Collected data:

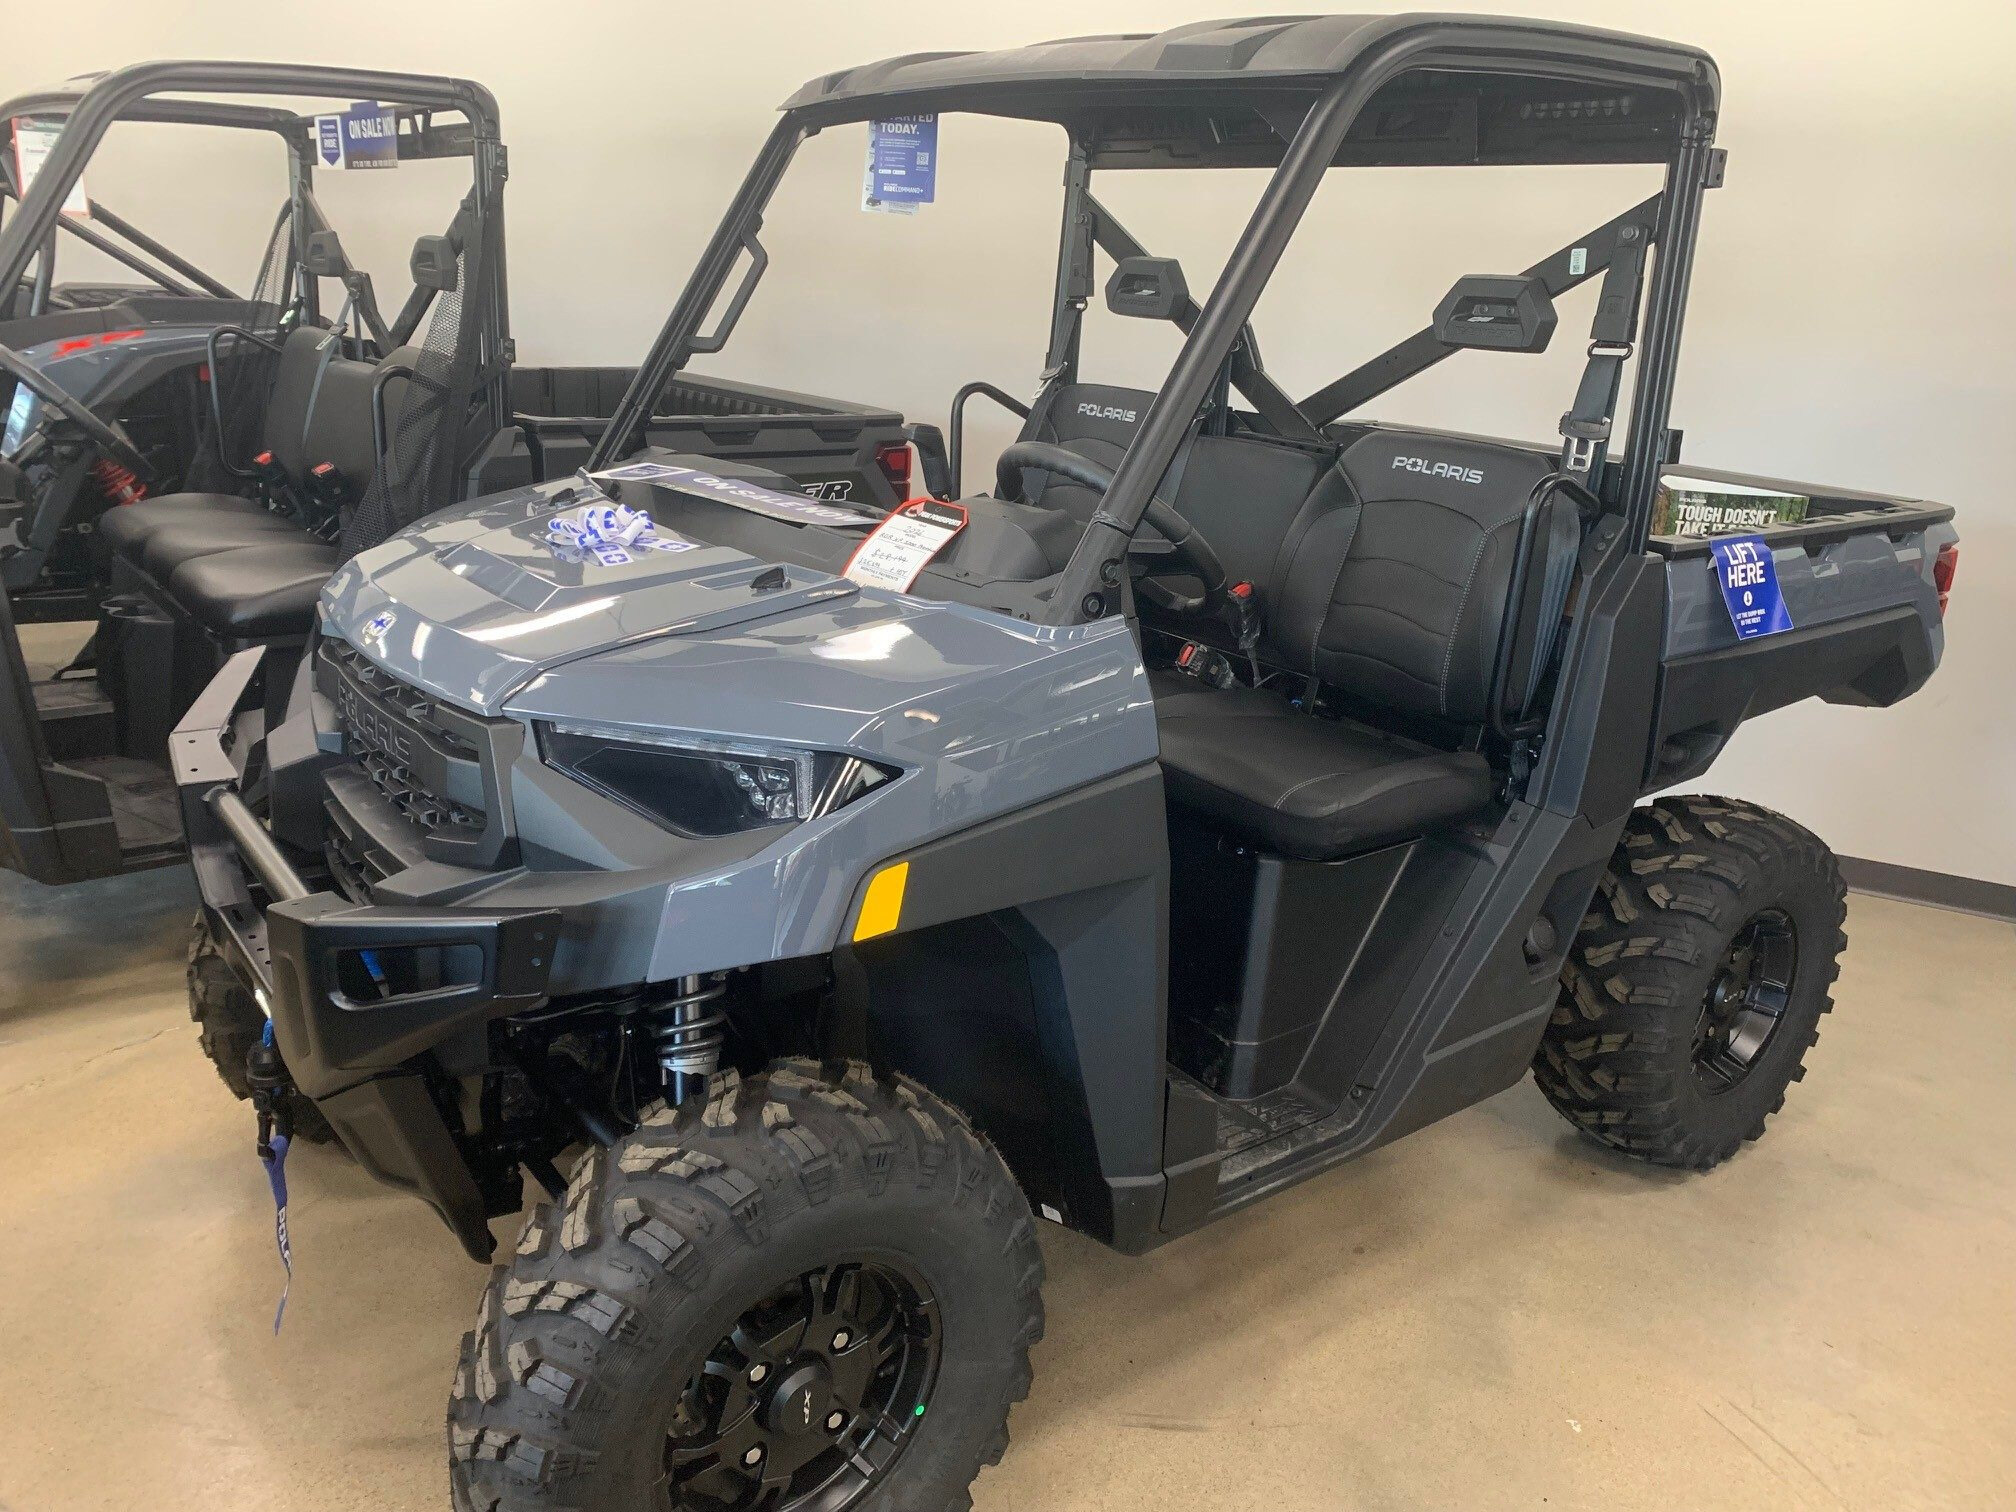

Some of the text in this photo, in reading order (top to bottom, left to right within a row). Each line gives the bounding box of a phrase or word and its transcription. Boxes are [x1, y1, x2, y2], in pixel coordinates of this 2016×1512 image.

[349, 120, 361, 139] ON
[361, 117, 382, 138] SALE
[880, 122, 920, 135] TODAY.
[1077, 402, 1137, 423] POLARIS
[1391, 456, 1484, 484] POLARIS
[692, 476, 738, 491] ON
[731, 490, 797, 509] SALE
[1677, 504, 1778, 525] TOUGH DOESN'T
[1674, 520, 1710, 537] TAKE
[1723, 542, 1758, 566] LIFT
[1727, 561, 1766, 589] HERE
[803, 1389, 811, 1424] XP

» YOUR OBJECTIVE
Although the records above contain pictures, only their text is to be repeated, exactly as given.

» RESPONSE TO THE TASK
Some of the text in this photo, in reading order (top to bottom, left to right within a row). Each line gives the bounding box of a phrase or word and its transcription. Boxes are [x1, y1, x2, y2], in pixel coordinates of this 2016×1512 image.

[349, 120, 361, 139] ON
[361, 117, 382, 138] SALE
[880, 122, 920, 135] TODAY.
[1077, 402, 1137, 423] POLARIS
[1391, 456, 1484, 484] POLARIS
[692, 476, 738, 491] ON
[731, 490, 797, 509] SALE
[1677, 504, 1778, 525] TOUGH DOESN'T
[1674, 520, 1710, 537] TAKE
[1723, 542, 1758, 566] LIFT
[1727, 561, 1766, 589] HERE
[803, 1389, 811, 1424] XP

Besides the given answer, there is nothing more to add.